La reunión que el presidente de la Ciudad va a mantener esta semana con la secretaria general de Transportes es la primera de una serie de encuentros que el jefe del Ejecutivo ceutí va a mantener con distintos organismos estatales para poner de manifiesto la preocupación que hay en toda la sociedad ceutí y en su clase política, sea del signo que sea, por la situación en la que se encuentra el transporte marítimo con Algeciras, verdadero cordón umbilical de los ceutíes con la península.
Y si hay algo que preocupe por encima del resto de las cuestiones, por las implicaciones que tiene para el desarrollo económico y también turístico de Ceuta es el ya consabido precio del billete. Eso difícil solución tiene, por lo menos inmediata. Mucho se debe discutir, hablar y negociar para que sea factible.
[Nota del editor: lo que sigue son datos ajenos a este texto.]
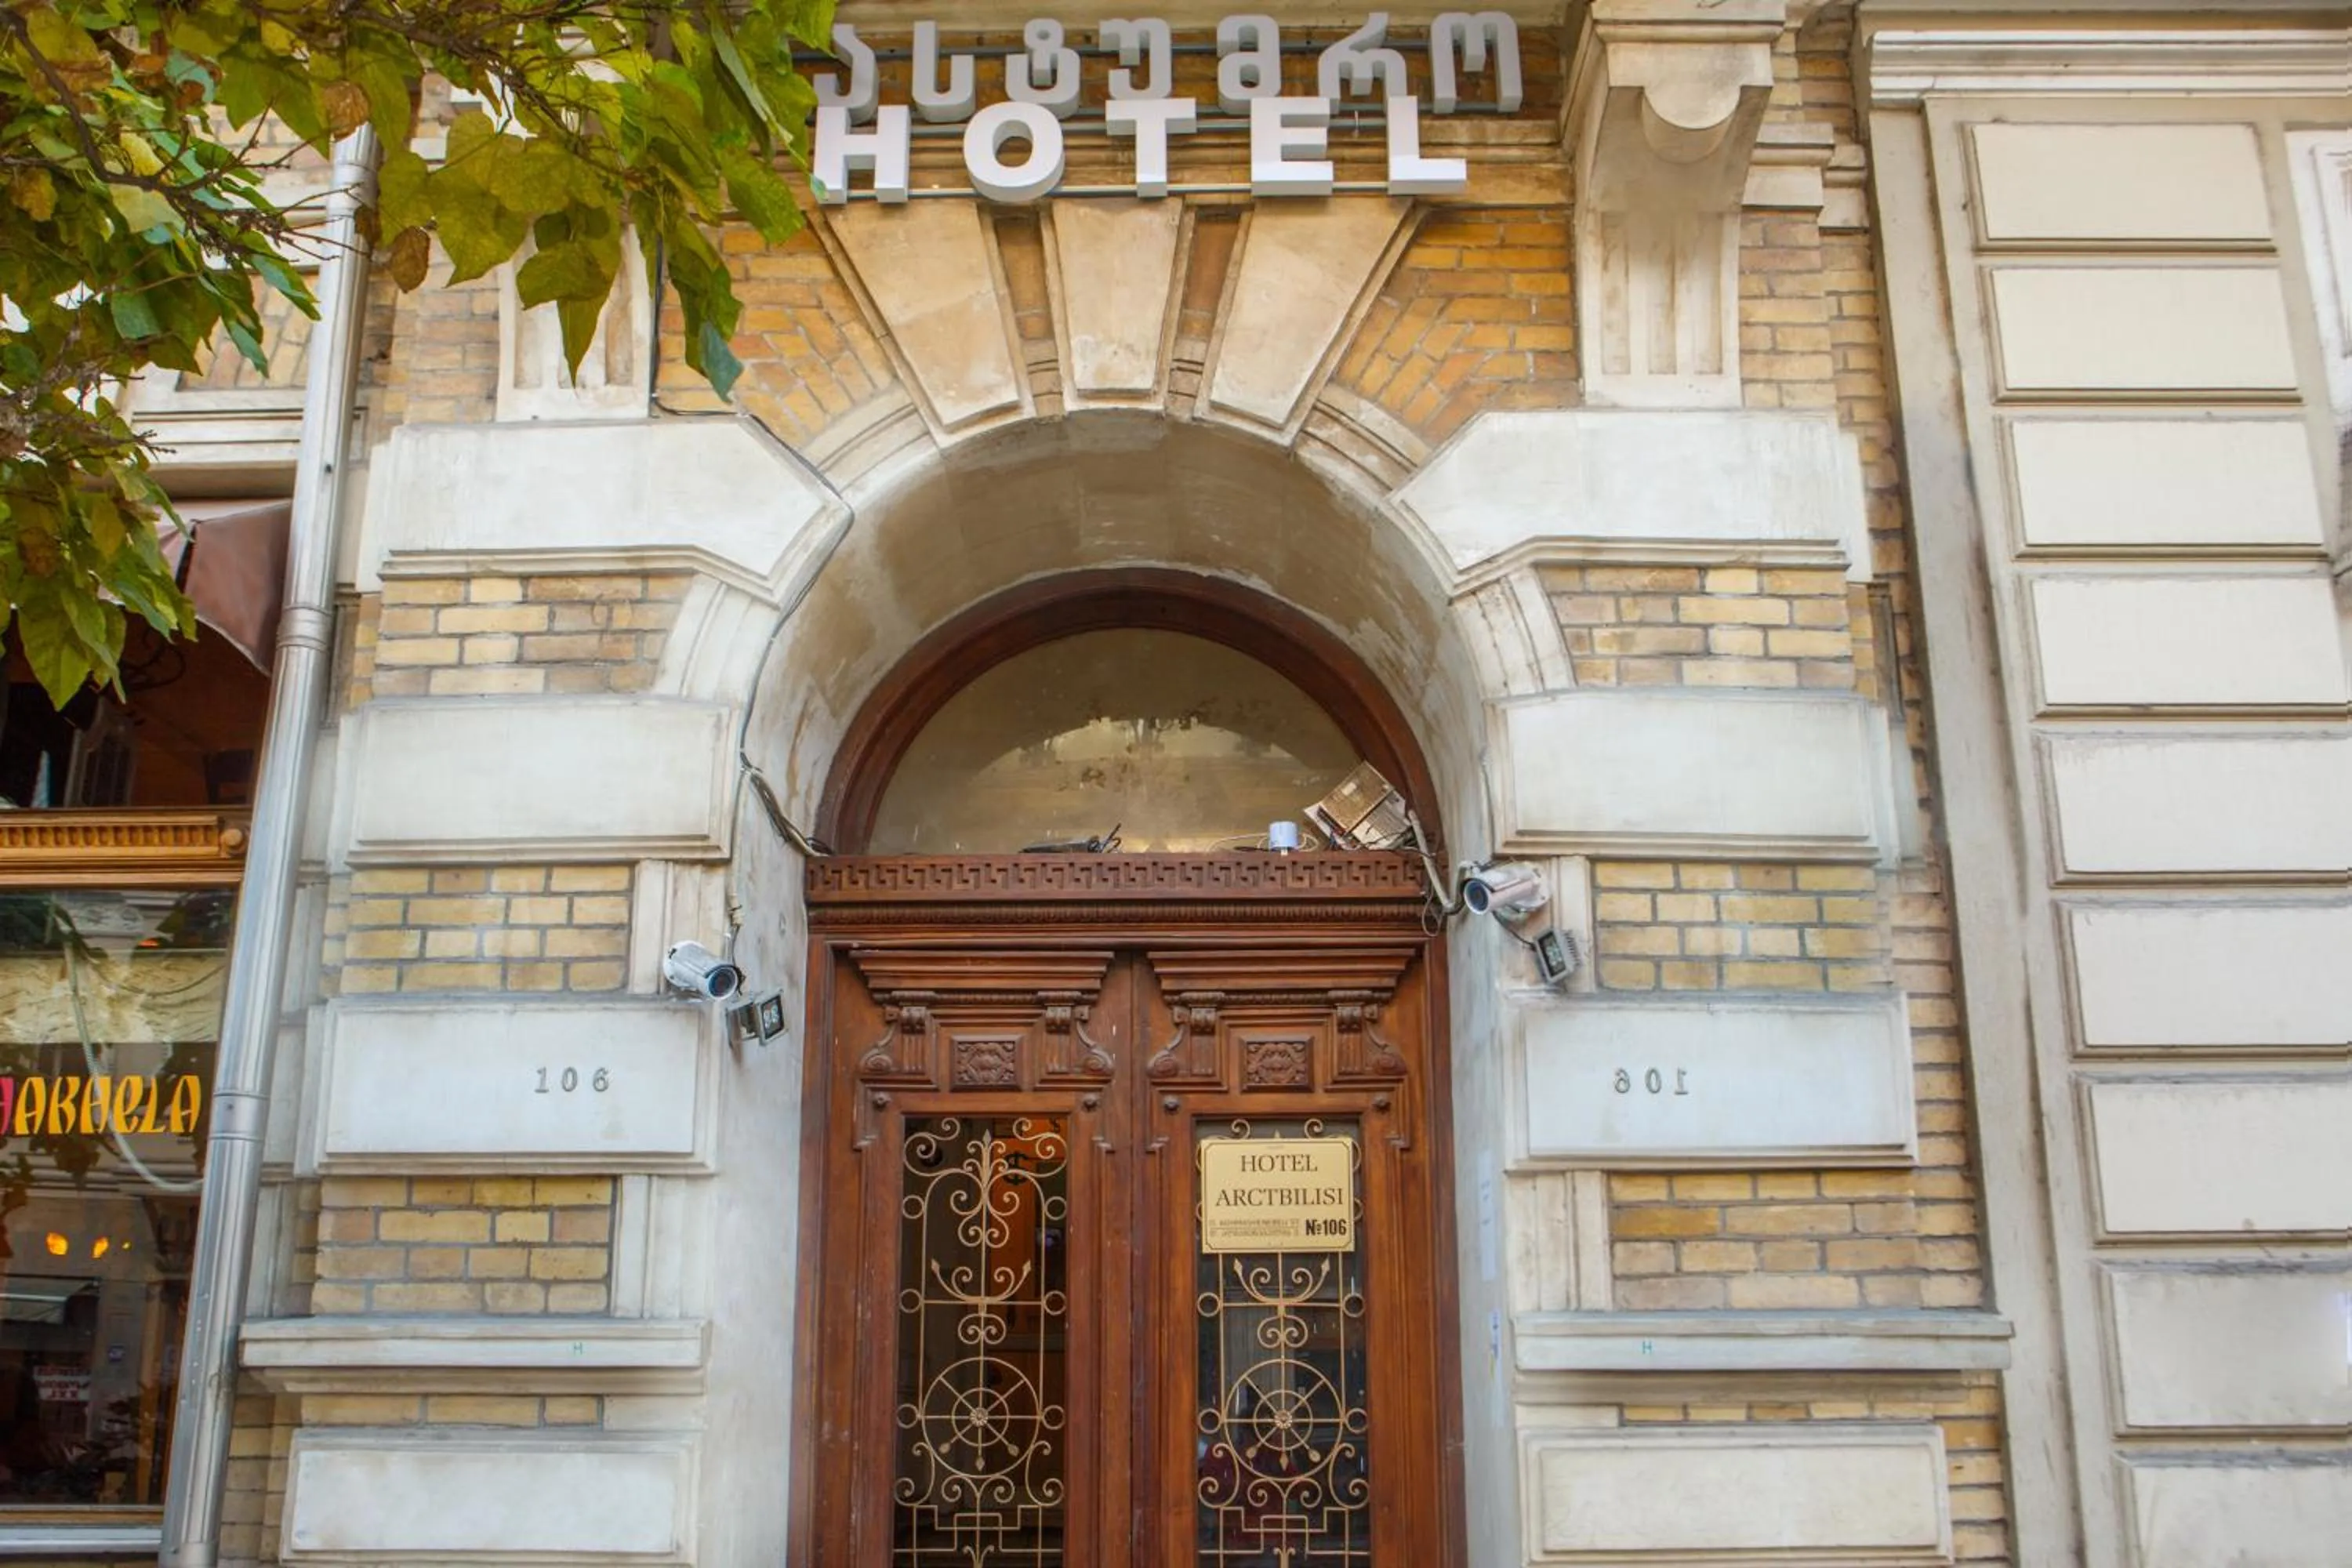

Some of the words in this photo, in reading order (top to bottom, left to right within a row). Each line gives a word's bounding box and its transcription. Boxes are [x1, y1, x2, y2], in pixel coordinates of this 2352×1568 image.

[813, 11, 1523, 125] ასტუმრო
[813, 96, 1467, 204] HOTEL
[534, 1066, 610, 1094] 106
[1240, 1154, 1318, 1173] HOTEL
[1215, 1188, 1344, 1207] ARCTBILISI
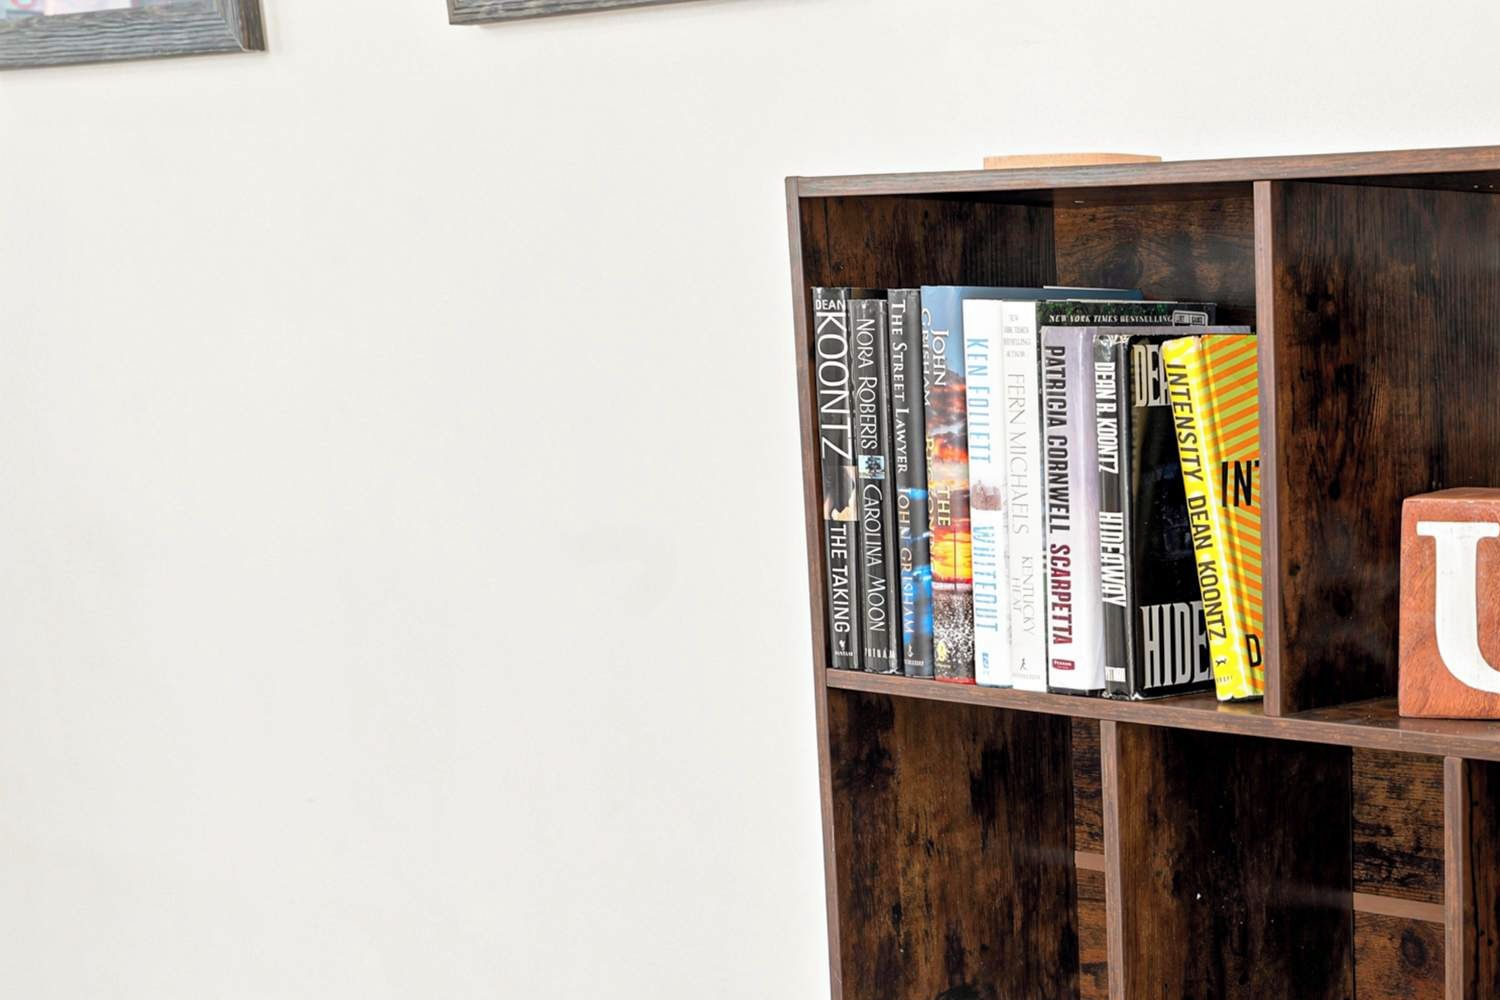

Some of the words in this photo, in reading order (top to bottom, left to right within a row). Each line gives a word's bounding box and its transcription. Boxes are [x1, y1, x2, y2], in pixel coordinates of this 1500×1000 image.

Pero de momento lo que parece que va a ser una realidad a corto o medio plazo es facilitar la llegada hasta esta orilla del Estrecho a todos los que siguen manteniendo lazos familiares con la ciudad o vínculos afectivos con ella. Será una experiencia piloto. No en vano es la primera vez que la Ciudad como institución se plantea una aportación económica para el ámbito del transporte marítimo. Y seguro que irá bien, porque son muchas las voces que en este último año han reclamado un paso adelante de la administración local para ayudar a quienes un día fueron también sus administrados y que por razones laborales o simplemente por el transcurrir de la vida debieron marcharse de Ceuta, y también para que abuelos, tíos, primos o hermanos que viven fuera de Ceuta puedan ver con más frecuencia a los suyos. Hoy quienes se atreven a pagar casi 60 euros por persona para venir a vernos, son como dice el presidente, extraordinarias proezas. Casi heroica como están los tiempos.